Stored records:
◇ ◇ ◇ ◇ ◇

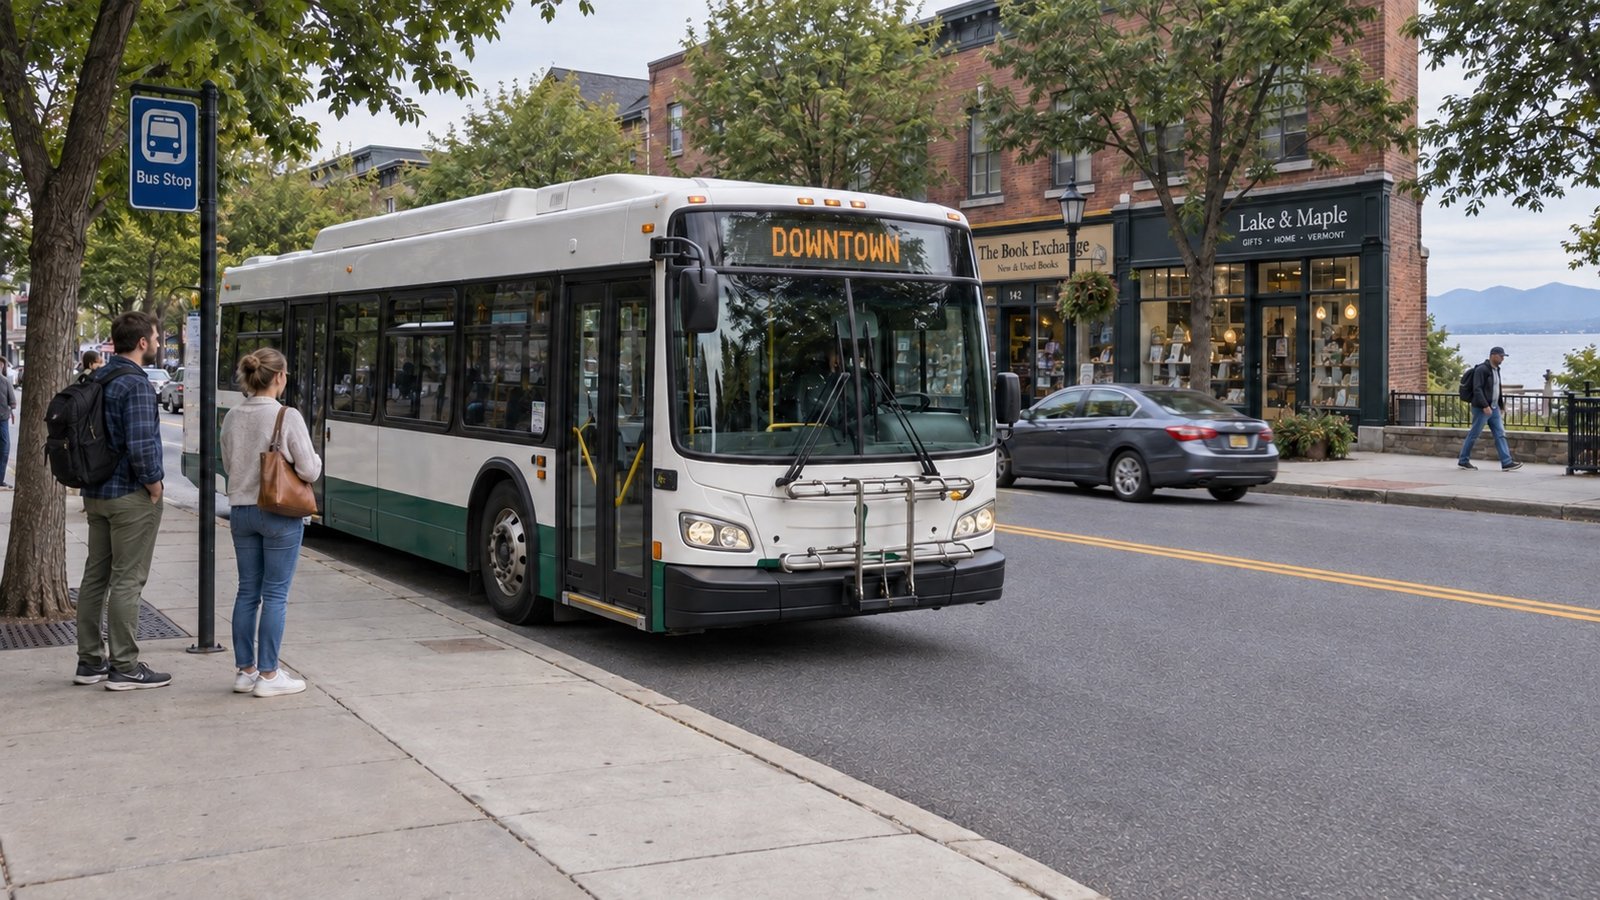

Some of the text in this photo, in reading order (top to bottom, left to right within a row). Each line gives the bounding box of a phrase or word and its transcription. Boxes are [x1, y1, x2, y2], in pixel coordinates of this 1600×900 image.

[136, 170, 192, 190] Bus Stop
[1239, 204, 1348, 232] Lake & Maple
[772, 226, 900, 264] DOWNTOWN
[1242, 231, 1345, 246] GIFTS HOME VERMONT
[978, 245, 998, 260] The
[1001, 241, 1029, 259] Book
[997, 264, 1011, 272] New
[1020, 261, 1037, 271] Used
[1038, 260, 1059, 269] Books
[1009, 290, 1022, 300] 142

◇ ◇ ◇ ◇ ◇

Write out the entries again word for word. Do not include the pictures.

Some of the text in this photo, in reading order (top to bottom, left to right within a row). Each line gives the bounding box of a phrase or word and its transcription. Boxes are [x1, y1, x2, y2], in pixel coordinates of this 1600×900 image.

[136, 170, 192, 190] Bus Stop
[1239, 204, 1348, 232] Lake & Maple
[772, 226, 900, 264] DOWNTOWN
[1242, 231, 1345, 246] GIFTS HOME VERMONT
[978, 245, 998, 260] The
[1001, 241, 1029, 259] Book
[997, 264, 1011, 272] New
[1020, 261, 1037, 271] Used
[1038, 260, 1059, 269] Books
[1009, 290, 1022, 300] 142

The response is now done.